Radio Reader LVH lived on a U.S. military base in West Germany in the early 1980s, about 2 hours from Karlsruhe where the author lived during that same time.
36ophiuchi, CC BY-SA 3.0 , via Wikimedia Commons
Radio Reader LVH lived on a U.S. military base in West Germany in the early 1980s, about 2 hours from Karlsruhe where the author lived during that same time.

This is Leslie VonHolten on the High Plains of Kansas with another HPPR Radio Readers Book Byte.
Nora Krug’s graphic memoir, Belonging: A German Reckons with History and Home, is a hauntingly illustrated journey as she works to uncover her family’s beliefs and possibly complicity during the Nazi era, she tells us her fears are amplified by her generation’s horror of the Holocaust.

This is Leslie VonHolten on the High Plains of Kansas with another HPPR Radio Readers Book Byte.

Nora Krug’s graphic memoir, Belonging: A German Reckons with History and Home, is a hauntingly illustrated journey as she works to uncover her family’s beliefs and possibly complicity during the Nazi era, she tells us her fears are amplified by her generation’s horror of the Holocaust. This book asks how later generations reconcile their peaceful world with the unimaginable past. Her approach is evocative, sensitive, and at times scary.

I lived on a U.S. military base in West Germany in the early 1980s, about 2 hours from Karlsruhe where the author lived during that same time. World War II lingered because that was precisely why we were there, one of the garrisons meant to protect Europe.
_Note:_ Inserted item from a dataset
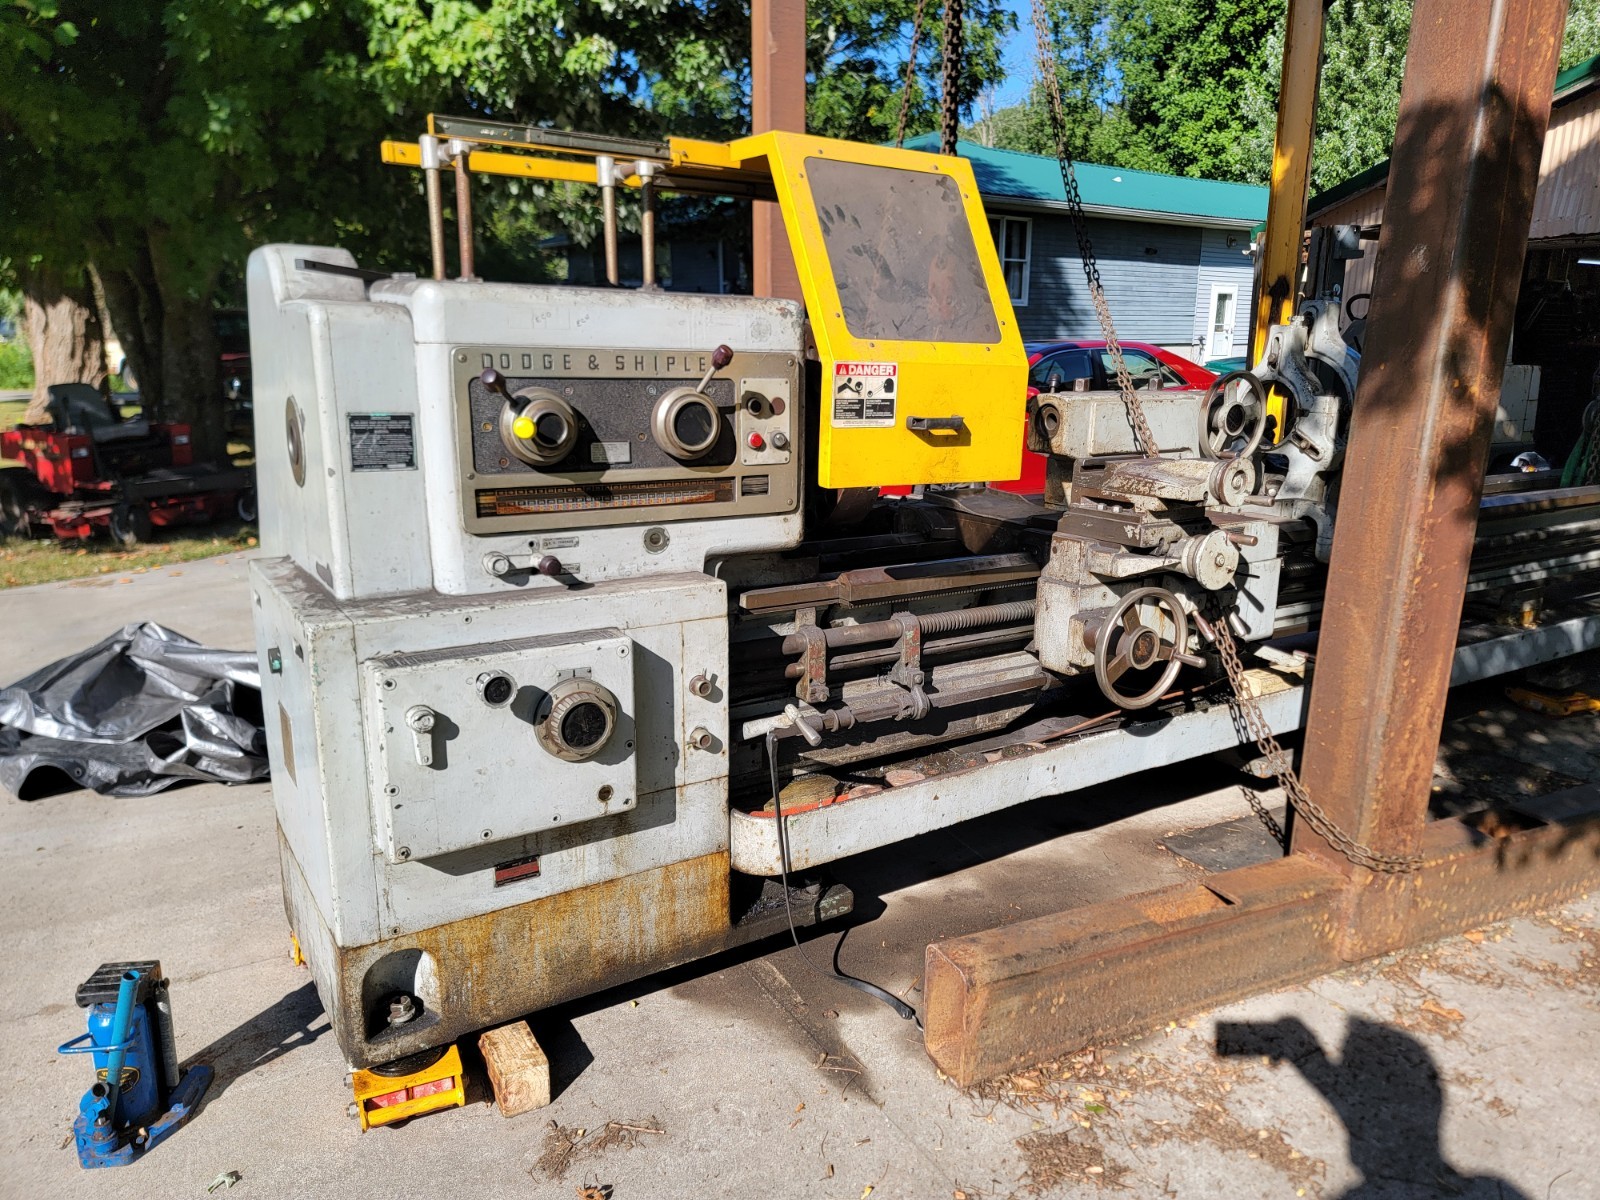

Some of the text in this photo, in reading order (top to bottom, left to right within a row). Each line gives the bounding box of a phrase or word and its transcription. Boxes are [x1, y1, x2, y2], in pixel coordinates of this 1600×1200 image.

It also lingered because the national shame within the divided Germany was palpable.

At that time, we were 40 years out from the war—about two generations. You could still find items with Nazi insignia sold by shadier characters at the flea market, and the shadow of a swastika was easily seen under white paint in one of the buildings on our base. At my American high school, most of our teachers were American but did not live on base; they told us stories of late-night conversations with their landlords or their German in-laws, talks over drinks that would turn toward confessions of cowardice and regret. Our teachers also told us to never, ever joke about the Nazis when in town, off base. I was a teenager then; my German friends and I preferred to talk about music and clothes, anyway.

But it is this national regret and shame—and how those emotions behave on the family level—that Nora Krug handles so thoughtfully in her memoir. Working to uncover whether or not you come from Nazi sympathizers is a reckoning most of us would prefer to ignore.
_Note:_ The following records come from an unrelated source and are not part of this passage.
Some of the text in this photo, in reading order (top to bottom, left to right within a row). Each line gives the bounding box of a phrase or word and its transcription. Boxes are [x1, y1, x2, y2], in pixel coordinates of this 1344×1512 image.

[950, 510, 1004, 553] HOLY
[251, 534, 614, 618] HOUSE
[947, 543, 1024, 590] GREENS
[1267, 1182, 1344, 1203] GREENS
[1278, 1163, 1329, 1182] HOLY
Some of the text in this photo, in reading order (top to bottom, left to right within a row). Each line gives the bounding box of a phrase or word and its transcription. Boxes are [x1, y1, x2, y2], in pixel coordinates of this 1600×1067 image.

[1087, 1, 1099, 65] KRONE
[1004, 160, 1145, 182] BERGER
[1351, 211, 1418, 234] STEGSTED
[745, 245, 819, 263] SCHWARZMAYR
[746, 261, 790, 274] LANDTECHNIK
In Belonging, Nora Krug is confused by her parents’ hard feelings toward their families, and their uncritiqued acceptance of the stories about the war that they were told. But I related to her parents. I myself am the daughter of a combat veteran—from a different war—and I know that trauma echoes across generations. As the legacy of war has been ever-present in my life, it has also made me want to avoid talking about it. I’m tired of war being the way we mark history.

But it is impossible to dismiss history by pronouncing it as something that happened in the past. That past informs who we are and where we are at. It shapes the structure of our days, our family structures, our culture as a whole.

And so that’s how war reverberates: for each generation it gets easier to ask the hard questions. It’s still hard for Krug, but her experience is removed enough to do the work.

Ultimately, Belonging showed me that by dismissing the past, or by believing that an act of legislation or a peace accord can erase grievances and enact a full-throated cultural change of view—this is hopeful thinking and willful blindness. History lives within us for generations to come.

This is Radio Reader Leslie VonHolten hoping you will join us in reading Belonging: A German Reckons with History and Home by Nora Krug. Find more at HPPR.org, or Like us on Facebook.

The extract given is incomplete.